Yes, I buy and sell links (which is advertising people, not search engine manipulation) and am not ashamed to admit it. I have bought and sold links since 2001, well before Google was in charge of internet business ethics as they feel they are today. Here’s some proof from an old page I found and saved:

Ad Link from April of 2001

See that text link ad to my first online business, Surreal Web Design? *Note: I let the domain name surrealwebdesign.com expire 5 years ago, so if you visit just know that I don’t own that site.* I did it then and still do it now for the traffic, not for an increase in some little green bar or to artificially influence rankings. I personally could care less about Pagerank, but the webmasters that buy links from me care a lot so unfortunately I have to pay attention.

Last week I saw most of my sites drop in Pagerank considerably, and for some of them maybe it was justified. Google wants to maintain their stronghold on all available advertising dollars, and good for them. They’re in business to make profits, not pals.

On my other sites that have never bought, sold, begged, or bartered for links at all though, I saw a decrease in Pagerank and it’s left me wondering why. They all have great original content, diverse link profiles, and don’t violate the webmaster guidelines in any way. Why would Google want to bite the hand that feeds them? Why has Google pretended to be a friend of webmasters for so long only to kick us in our collective nuts with stuff like this? Does it have to do with keeping your friends close but your enemies (because we sell direct advertising) even closer?

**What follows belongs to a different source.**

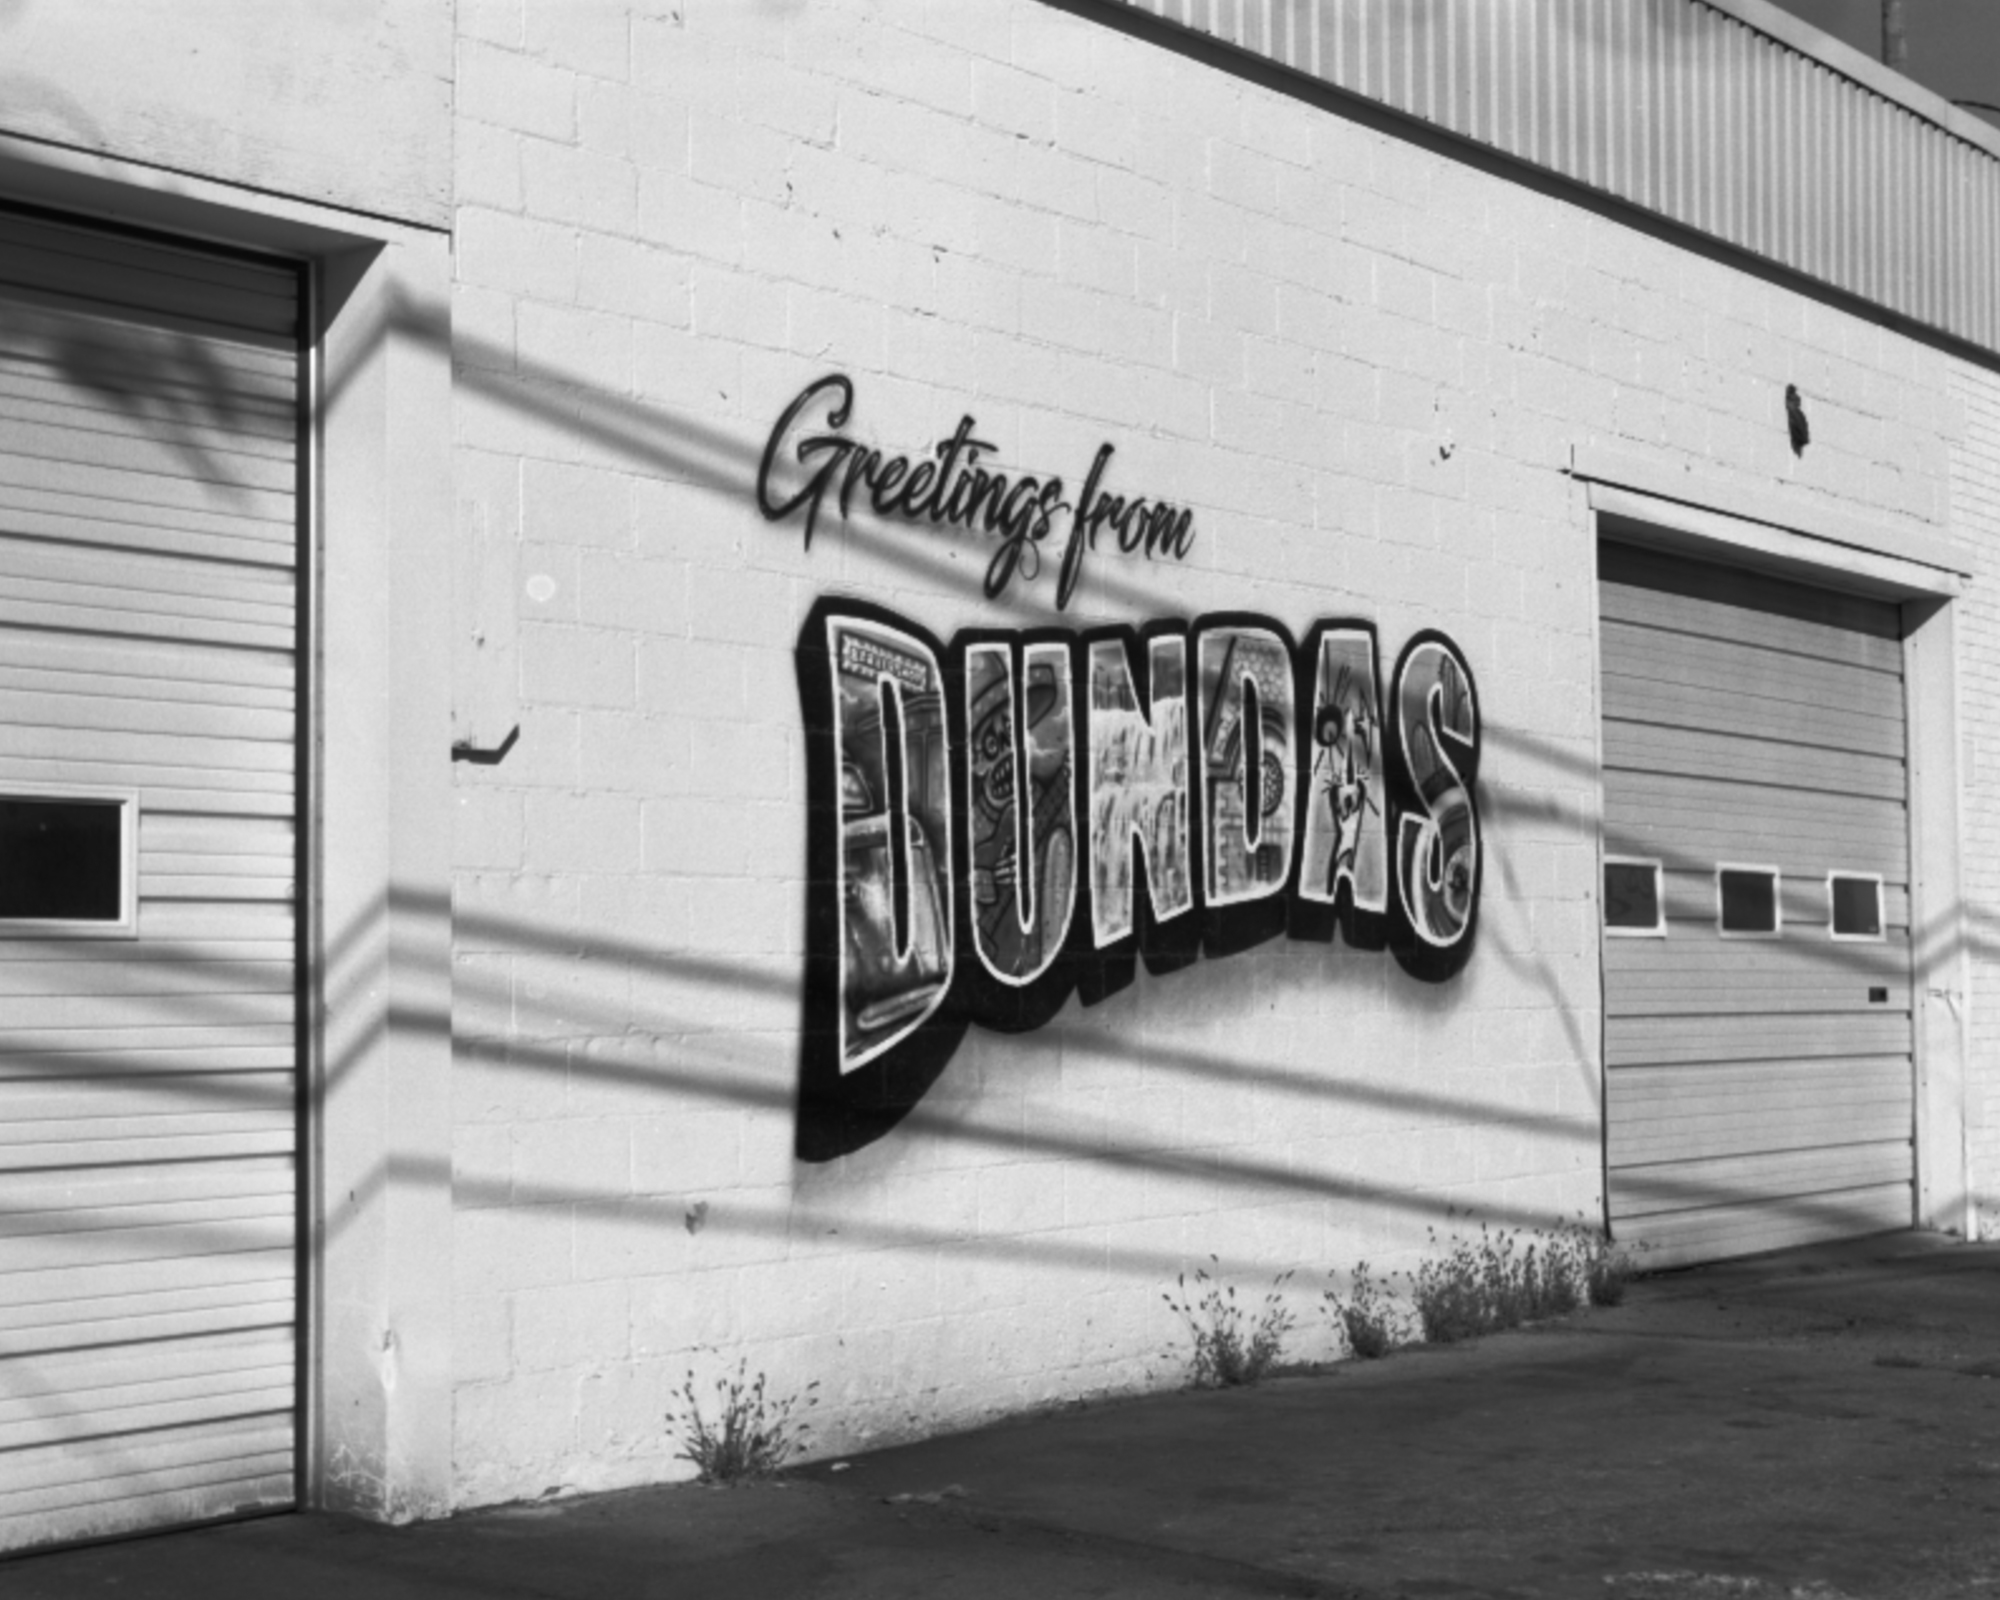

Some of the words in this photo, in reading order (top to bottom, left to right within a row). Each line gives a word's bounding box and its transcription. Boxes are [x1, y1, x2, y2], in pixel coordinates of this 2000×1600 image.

[757, 373, 1070, 599] Greetings
[1056, 442, 1196, 611] from
[818, 610, 1477, 1082] DUNDAS

There have been mixed reactions across the blogosphere about the “updates” (or export as anyone following TBPR knows), so instead of blabbing about how Google is good, bad, or ugly I thought I’d round up a few of my favorite quotes:

“Can you imagine McDonald’s coming out with a terms of service document telling other restaurants the way they’re allowed to use pickles and ketchup? Would anybody listen to them? Why is Google any different?” – One of my favorite “trouble makers” and bloggers, Michael Gray

“What Google has shown with their zealous adjustments on PageRank is that content really is not all that important. What is offered to the world is really not that relevant. What is relevant is playing by Google’s dictates. When they say jump, if you jump, you’ll rank high in PageRank.”Technosailor

“oh mighty Google overlords, take my ads, take my firstborn, take anything you wish. By the way, give me a minute to bend over and here’s some lube to make it easier on you.”, and “Are you going to email Google to have them come do your work while you do theirs?” – Jennifer Laycock of Search Engine Guide (as a side note, you need to read that post to understand the context of the quotes)

“NONE of the announcements about Google penalizing sites are on official Google sites, such that they can control people through fear and have the media spread misinformation.” – Aaron Wall of SEOBook

“For a company such as Google with a stock price based extensively on anticipated growth and public sentiment, it doesn’t take a huge swing in goodwill to have a dramatic effect on valuation. Google has just slapped their biggest fans.”Andy Beard

We’ll have to wait and see how it all pans out, but I along with many other webmasters will not change the way I do business just because Google says so.